Peace be upon you

Be well everyone, I hope to read and proofread a little, not for anything but to understand where you are going..'

The specialized economic literature analyzing the cycles of monetary policy indicates that the transition from a phase of Quantitative Tightening to an environment that gradually tends toward monetary easing, whether through lowering interest rates or through an increase in liquidity, represents a variable with a structural impact on liquidity levels and investment trends.

This transition gains particular importance in markets with high sensitivity to capital costs, such as the digital asset market and specifically Bitcoin, which shows a notable correlation with global liquidity indicators.
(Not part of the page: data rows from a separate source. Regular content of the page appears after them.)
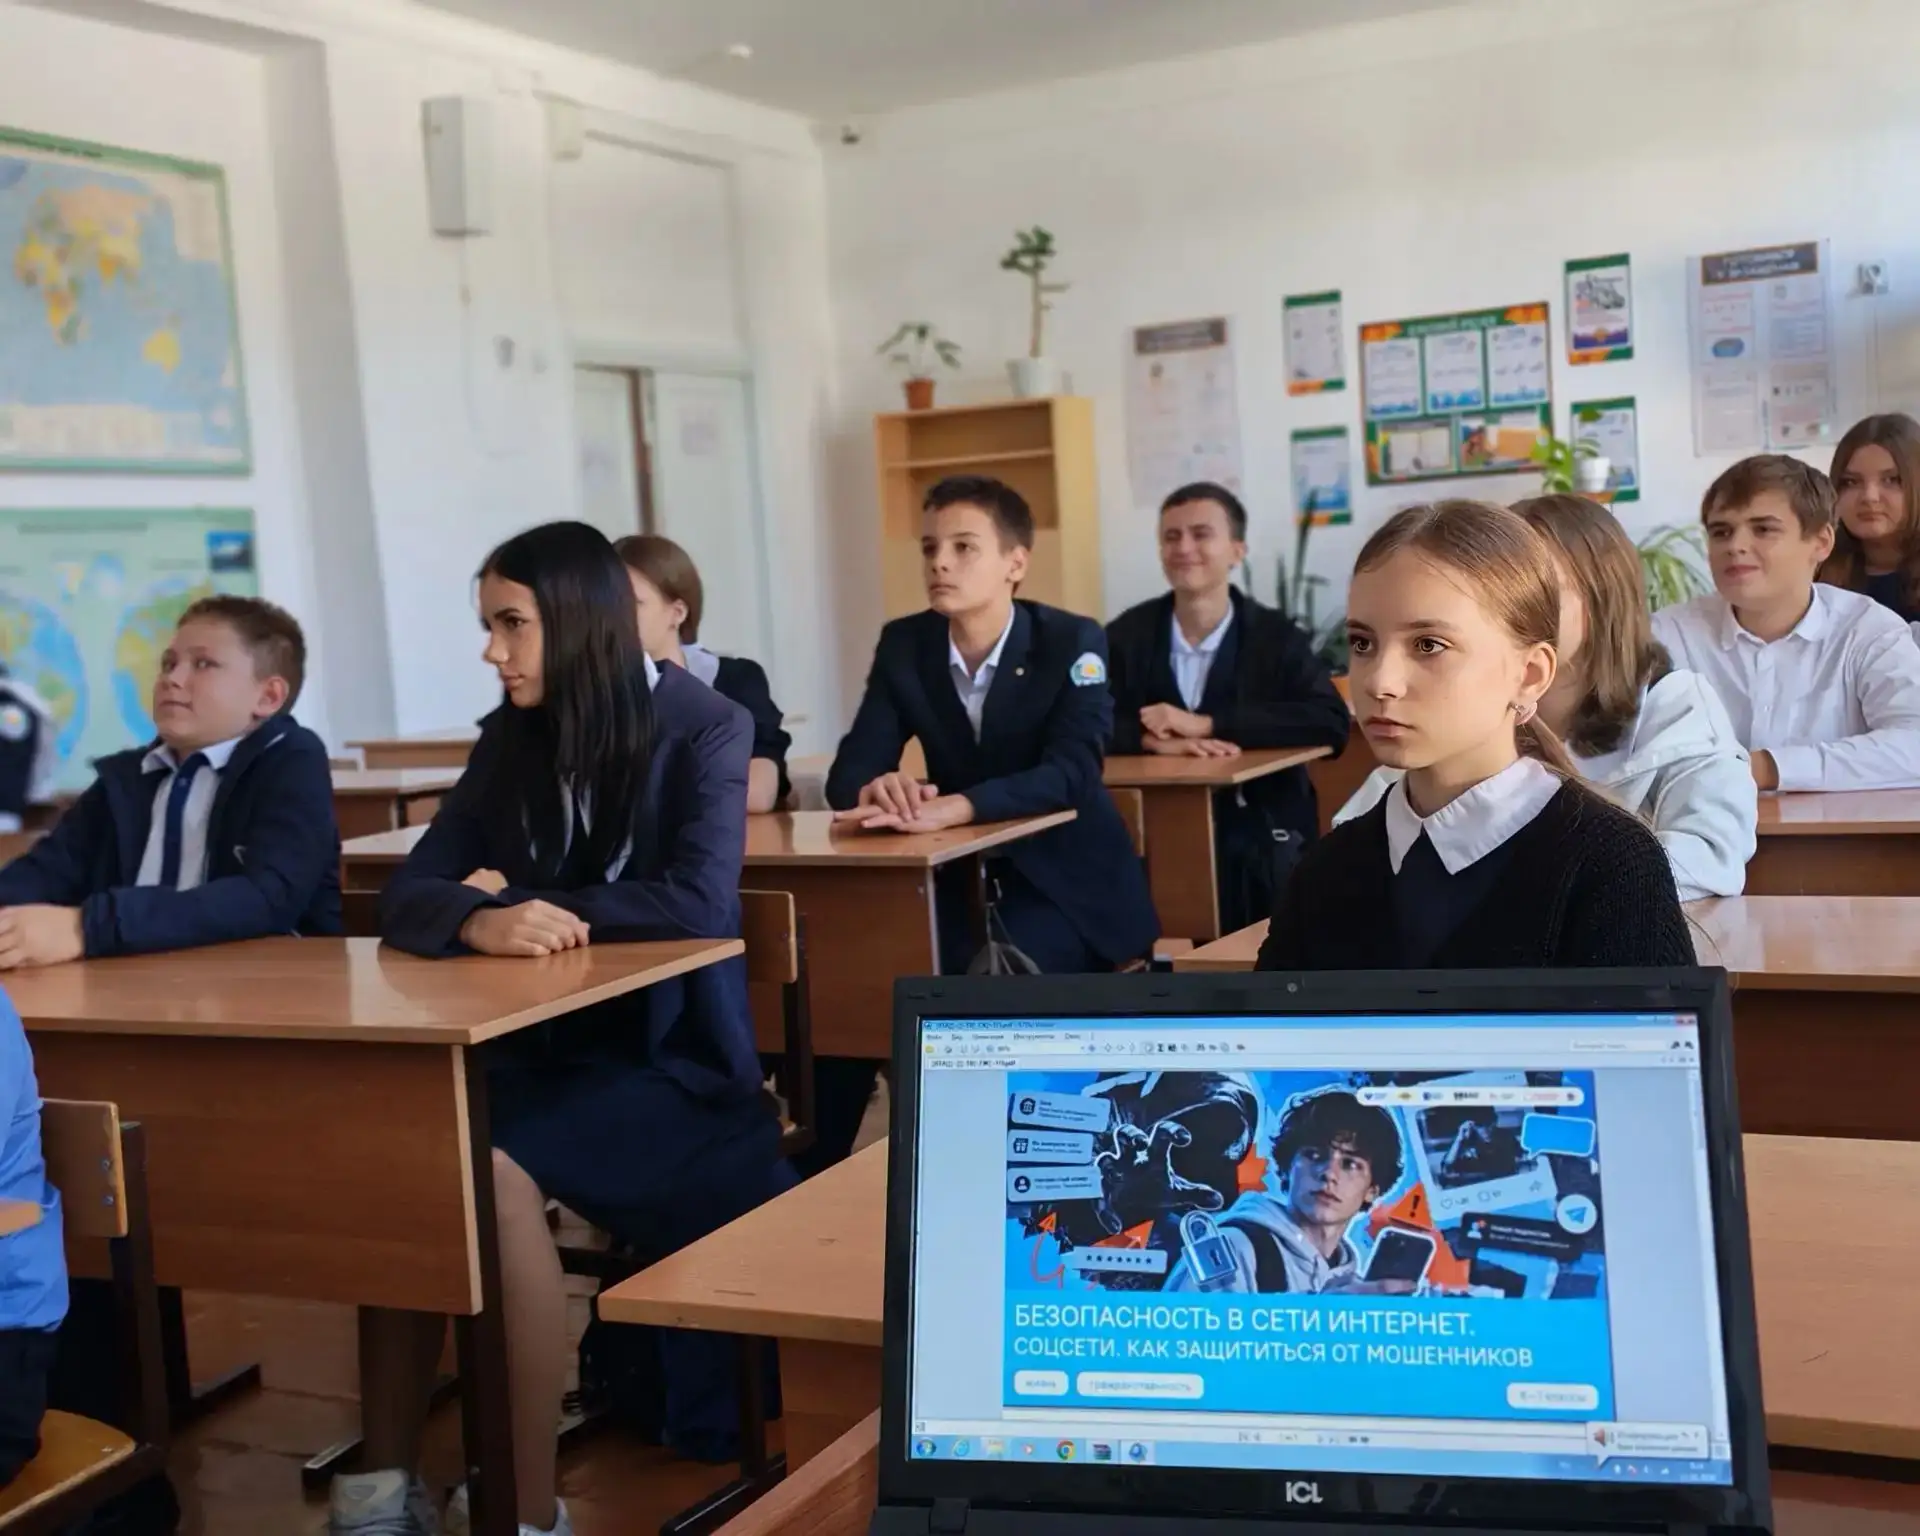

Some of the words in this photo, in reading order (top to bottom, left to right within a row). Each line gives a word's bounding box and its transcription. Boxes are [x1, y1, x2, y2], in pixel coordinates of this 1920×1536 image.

[1015, 1304, 1221, 1331] БЕЗОПАСНОСТЬ
[1228, 1308, 1244, 1331] В
[1251, 1308, 1321, 1333] СЕТИ
[1328, 1310, 1477, 1337] ИНТЕРНЕТ.
[1014, 1336, 1121, 1360] СОЦСЕТИ.
[1127, 1339, 1169, 1359] КАК
[1175, 1340, 1326, 1364] ЗАЩИТИТЬСЯ
[1331, 1343, 1361, 1364] ОТ
[1367, 1343, 1534, 1368] МОШЕННИКОВ
[1285, 1481, 1325, 1504] ICL
Although there is a theoretical correlation between increased liquidity levels and rising asset valuations, empirical data shows consistency with the literature confirming that the price effect does not materialize immediately following a shift in monetary policy. The monetary transmission impact is characterized within the framework of 'Monetary Transmission Channels'.

Being gradual and dependent on intertwined interactions between liquidity, investor expectations, and accompanying fiscal policies.

The historical example of 2019 serves as an important case study in this context; despite the termination of quantitative tightening programs during that period, Bitcoin experienced a price decline from levels close to $12,000 to around $6,500. This was followed, after a period of market absorption and adjustment to the new monetary environment, by an extended upward trajectory where the asset reached approximately $69,000.

This sequence highlights that the relationship between changes in monetary policy and asset price behavior is non-linear and indirect, influenced by additional factors including global liquidity structure, risk expectations, and the pace of institutional adoption.

In this context, analytical models and estimates from several major investment institutions, including BlackRock, indicate the possibility of Bitcoin reaching levels exceeding $200,000 during future cycles, based on data related to algorithmic supply scarcity, widening institutional participation, and increasing long-term demand.

These estimates are not definitive predictions by nature but represent outputs from models based on structural assumptions and multiple scenarios.

Accordingly, characterizing current prices as 'high' is subject to a short-term framework and does not necessarily reflect valuations based on extended models. Long-term financial cycle analyses show that current price levels may be relatively low compared to expected values over the next five years, based on macroeconomic trends and supply-demand structure.

Dr. Faraj Fakhir

General and laparoscopic surgery specialist // Passionately in love with the crypto market.